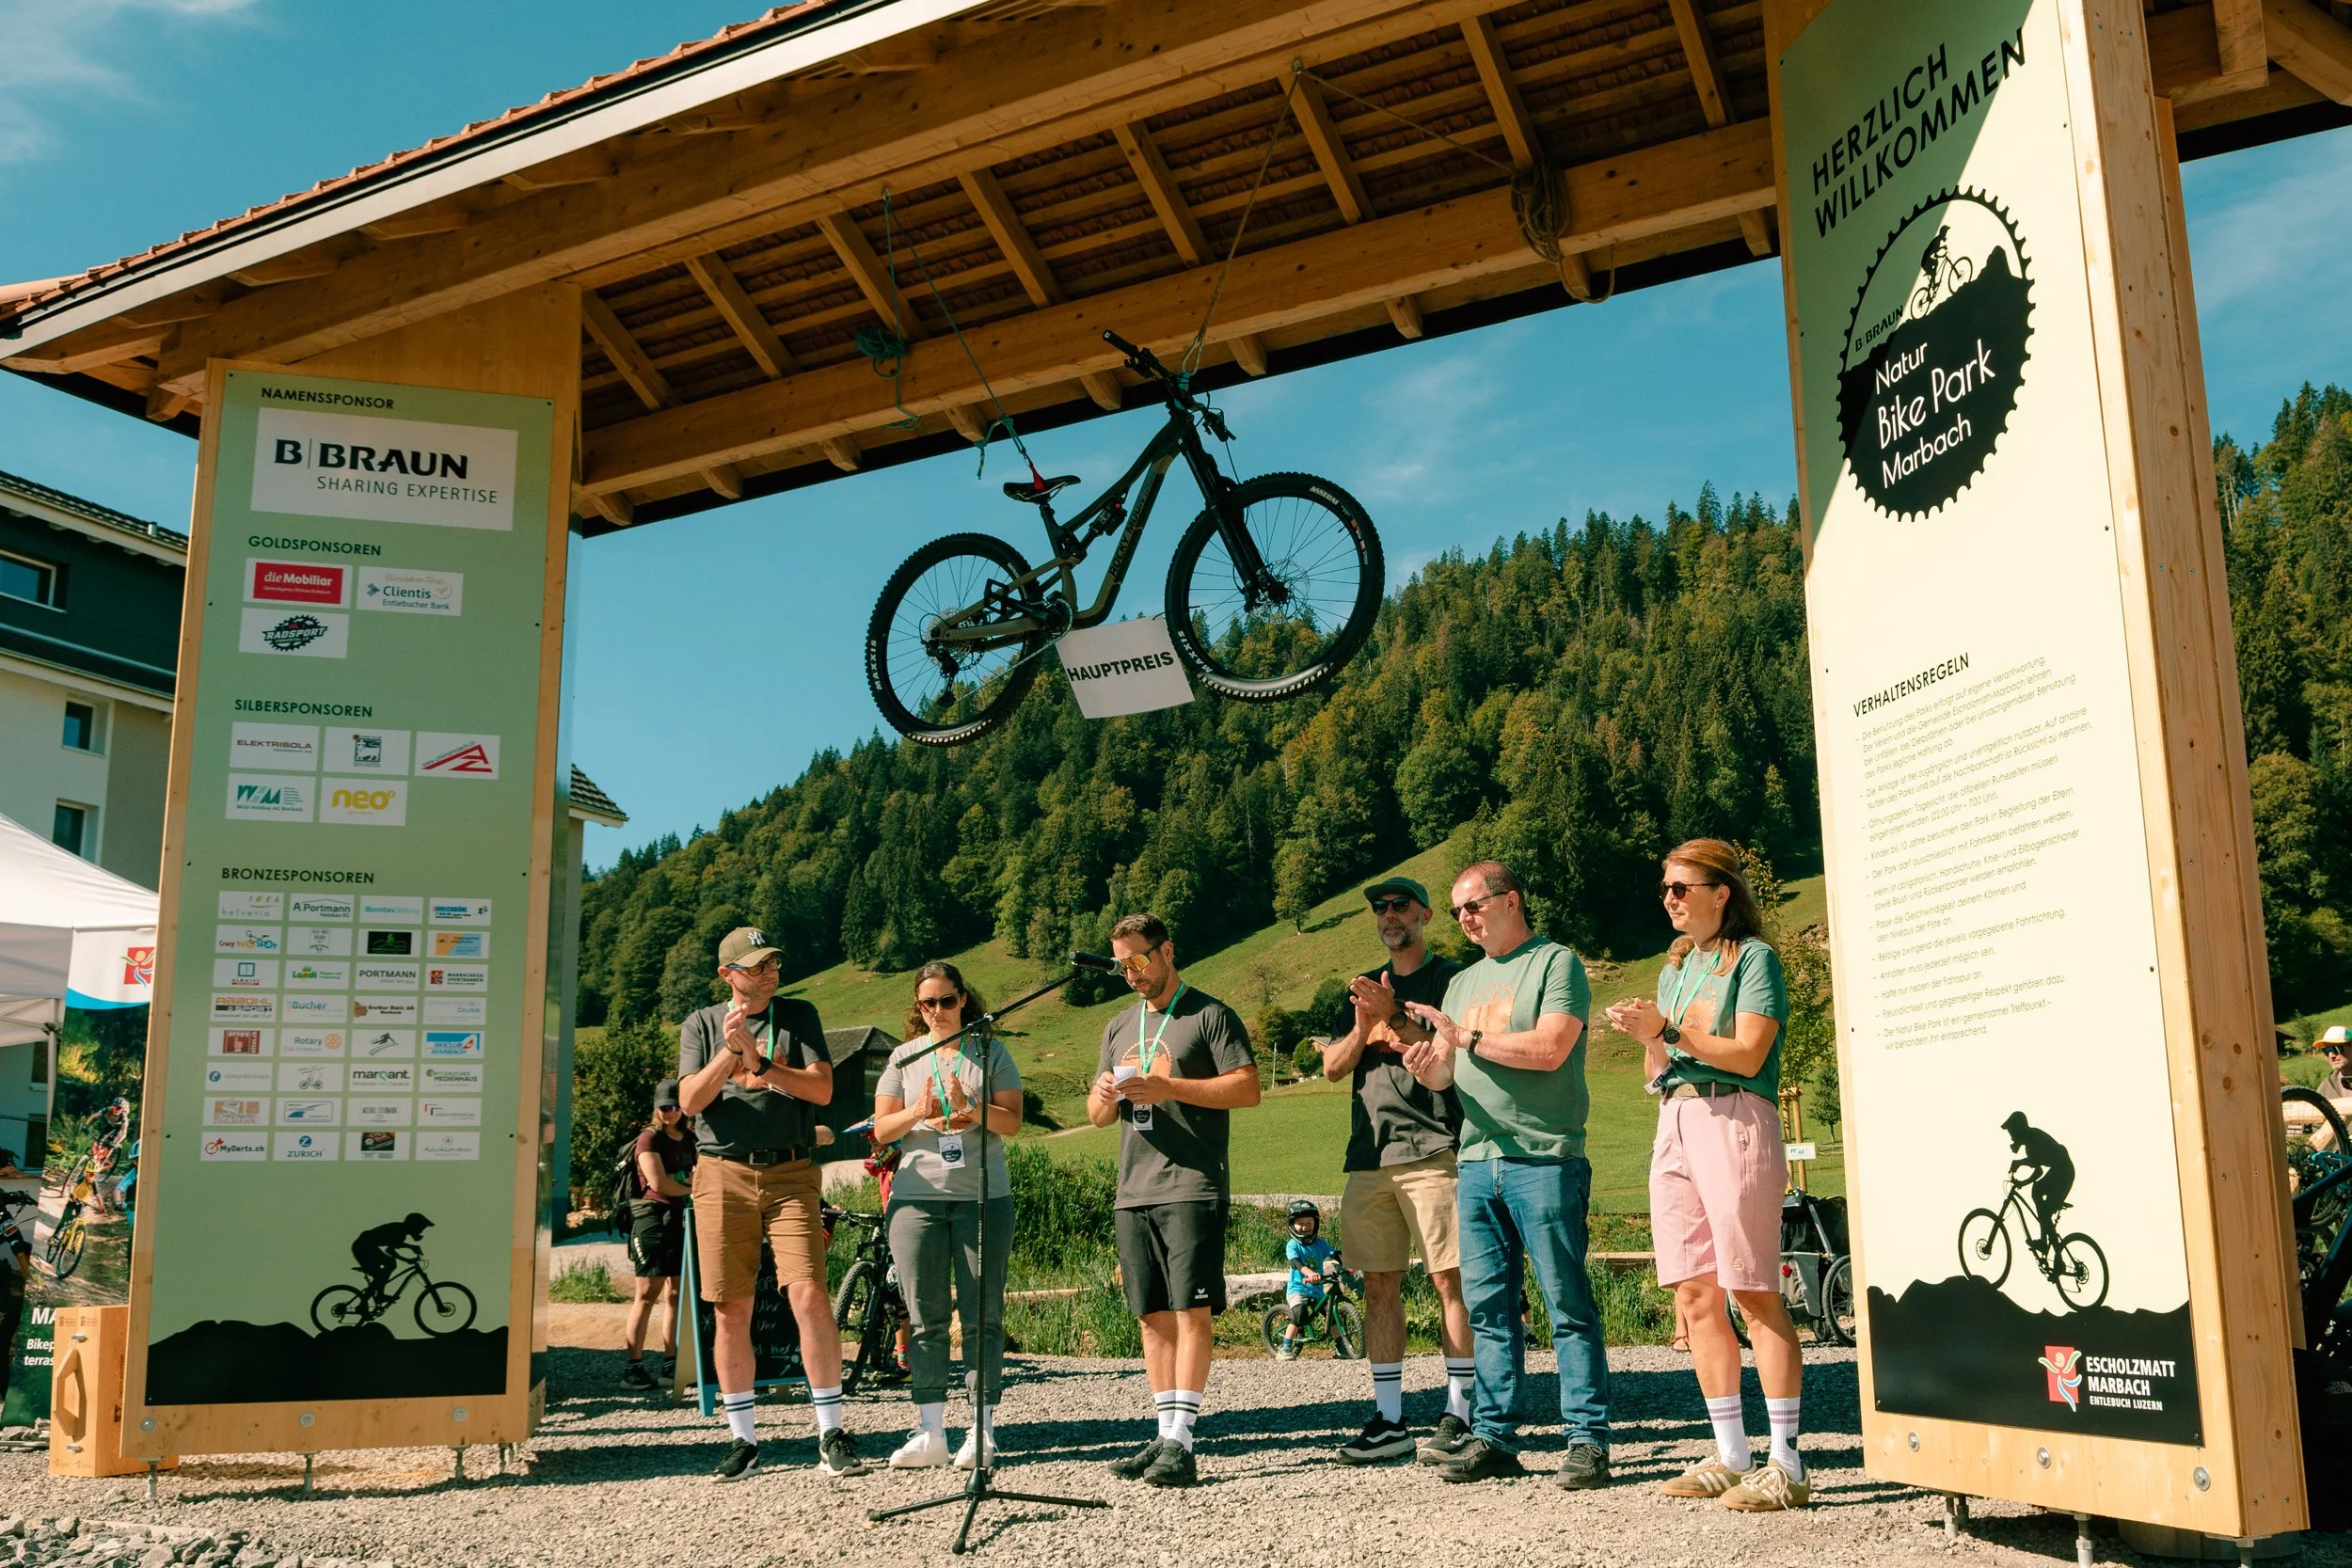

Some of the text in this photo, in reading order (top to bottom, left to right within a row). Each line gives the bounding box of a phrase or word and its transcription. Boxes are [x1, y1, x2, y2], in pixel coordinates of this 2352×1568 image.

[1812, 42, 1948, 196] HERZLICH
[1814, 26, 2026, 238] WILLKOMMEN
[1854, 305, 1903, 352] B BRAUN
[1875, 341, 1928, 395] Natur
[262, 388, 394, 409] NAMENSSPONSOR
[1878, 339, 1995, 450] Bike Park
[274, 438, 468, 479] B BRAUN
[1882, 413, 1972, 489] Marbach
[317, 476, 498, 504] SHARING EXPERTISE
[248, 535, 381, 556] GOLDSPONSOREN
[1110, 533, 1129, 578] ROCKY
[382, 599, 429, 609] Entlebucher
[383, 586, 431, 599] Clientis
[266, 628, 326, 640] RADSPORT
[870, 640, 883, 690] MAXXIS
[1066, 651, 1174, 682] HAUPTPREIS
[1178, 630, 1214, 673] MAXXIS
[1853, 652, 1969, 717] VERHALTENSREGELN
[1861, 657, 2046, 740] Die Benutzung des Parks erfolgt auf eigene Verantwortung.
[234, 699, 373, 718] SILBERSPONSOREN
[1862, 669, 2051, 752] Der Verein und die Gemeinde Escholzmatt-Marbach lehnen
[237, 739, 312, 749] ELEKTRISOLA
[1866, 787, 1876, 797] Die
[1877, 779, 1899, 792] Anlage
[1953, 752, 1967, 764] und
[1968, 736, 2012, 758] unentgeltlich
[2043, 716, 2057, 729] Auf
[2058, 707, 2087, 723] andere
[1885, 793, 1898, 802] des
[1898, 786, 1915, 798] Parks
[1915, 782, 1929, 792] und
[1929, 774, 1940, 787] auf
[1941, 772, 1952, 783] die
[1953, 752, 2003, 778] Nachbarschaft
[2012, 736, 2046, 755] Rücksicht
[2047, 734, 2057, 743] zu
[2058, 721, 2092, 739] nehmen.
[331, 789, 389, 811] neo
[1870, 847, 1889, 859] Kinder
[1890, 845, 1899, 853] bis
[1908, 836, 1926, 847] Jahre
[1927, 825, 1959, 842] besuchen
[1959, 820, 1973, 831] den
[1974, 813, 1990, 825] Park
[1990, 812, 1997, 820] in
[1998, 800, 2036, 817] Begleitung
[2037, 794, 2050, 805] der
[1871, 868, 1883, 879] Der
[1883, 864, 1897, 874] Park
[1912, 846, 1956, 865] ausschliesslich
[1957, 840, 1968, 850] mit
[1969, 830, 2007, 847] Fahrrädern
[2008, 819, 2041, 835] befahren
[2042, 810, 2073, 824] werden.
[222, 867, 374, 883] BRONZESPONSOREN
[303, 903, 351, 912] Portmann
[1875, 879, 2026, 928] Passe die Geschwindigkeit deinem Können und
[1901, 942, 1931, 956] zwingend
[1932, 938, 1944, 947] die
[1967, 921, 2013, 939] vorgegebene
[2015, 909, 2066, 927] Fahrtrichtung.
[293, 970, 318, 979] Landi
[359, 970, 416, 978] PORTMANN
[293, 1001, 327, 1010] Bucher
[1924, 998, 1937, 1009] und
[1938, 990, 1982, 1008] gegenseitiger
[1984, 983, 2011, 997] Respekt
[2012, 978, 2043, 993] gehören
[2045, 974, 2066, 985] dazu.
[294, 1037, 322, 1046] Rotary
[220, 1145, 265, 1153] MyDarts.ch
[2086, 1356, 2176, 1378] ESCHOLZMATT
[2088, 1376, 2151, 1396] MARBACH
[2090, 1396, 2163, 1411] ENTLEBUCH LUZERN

**Try it**: All of the material above goes into the copy exactly as is; the pictures do not.

**Solution for this exercise**:
Some of the text in this photo, in reading order (top to bottom, left to right within a row). Each line gives the bounding box of a phrase or word and its transcription. Boxes are [x1, y1, x2, y2], in pixel coordinates of this 2352×1568 image.

[1812, 42, 1948, 196] HERZLICH
[1814, 26, 2026, 238] WILLKOMMEN
[1854, 305, 1903, 352] B BRAUN
[1875, 341, 1928, 395] Natur
[262, 388, 394, 409] NAMENSSPONSOR
[1878, 339, 1995, 450] Bike Park
[274, 438, 468, 479] B BRAUN
[1882, 413, 1972, 489] Marbach
[317, 476, 498, 504] SHARING EXPERTISE
[248, 535, 381, 556] GOLDSPONSOREN
[1110, 533, 1129, 578] ROCKY
[382, 599, 429, 609] Entlebucher
[383, 586, 431, 599] Clientis
[266, 628, 326, 640] RADSPORT
[870, 640, 883, 690] MAXXIS
[1066, 651, 1174, 682] HAUPTPREIS
[1178, 630, 1214, 673] MAXXIS
[1853, 652, 1969, 717] VERHALTENSREGELN
[1861, 657, 2046, 740] Die Benutzung des Parks erfolgt auf eigene Verantwortung.
[234, 699, 373, 718] SILBERSPONSOREN
[1862, 669, 2051, 752] Der Verein und die Gemeinde Escholzmatt-Marbach lehnen
[237, 739, 312, 749] ELEKTRISOLA
[1866, 787, 1876, 797] Die
[1877, 779, 1899, 792] Anlage
[1953, 752, 1967, 764] und
[1968, 736, 2012, 758] unentgeltlich
[2043, 716, 2057, 729] Auf
[2058, 707, 2087, 723] andere
[1885, 793, 1898, 802] des
[1898, 786, 1915, 798] Parks
[1915, 782, 1929, 792] und
[1929, 774, 1940, 787] auf
[1941, 772, 1952, 783] die
[1953, 752, 2003, 778] Nachbarschaft
[2012, 736, 2046, 755] Rücksicht
[2047, 734, 2057, 743] zu
[2058, 721, 2092, 739] nehmen.
[331, 789, 389, 811] neo
[1870, 847, 1889, 859] Kinder
[1890, 845, 1899, 853] bis
[1908, 836, 1926, 847] Jahre
[1927, 825, 1959, 842] besuchen
[1959, 820, 1973, 831] den
[1974, 813, 1990, 825] Park
[1990, 812, 1997, 820] in
[1998, 800, 2036, 817] Begleitung
[2037, 794, 2050, 805] der
[1871, 868, 1883, 879] Der
[1883, 864, 1897, 874] Park
[1912, 846, 1956, 865] ausschliesslich
[1957, 840, 1968, 850] mit
[1969, 830, 2007, 847] Fahrrädern
[2008, 819, 2041, 835] befahren
[2042, 810, 2073, 824] werden.
[222, 867, 374, 883] BRONZESPONSOREN
[303, 903, 351, 912] Portmann
[1875, 879, 2026, 928] Passe die Geschwindigkeit deinem Können und
[1901, 942, 1931, 956] zwingend
[1932, 938, 1944, 947] die
[1967, 921, 2013, 939] vorgegebene
[2015, 909, 2066, 927] Fahrtrichtung.
[293, 970, 318, 979] Landi
[359, 970, 416, 978] PORTMANN
[293, 1001, 327, 1010] Bucher
[1924, 998, 1937, 1009] und
[1938, 990, 1982, 1008] gegenseitiger
[1984, 983, 2011, 997] Respekt
[2012, 978, 2043, 993] gehören
[2045, 974, 2066, 985] dazu.
[294, 1037, 322, 1046] Rotary
[220, 1145, 265, 1153] MyDarts.ch
[2086, 1356, 2176, 1378] ESCHOLZMATT
[2088, 1376, 2151, 1396] MARBACH
[2090, 1396, 2163, 1411] ENTLEBUCH LUZERN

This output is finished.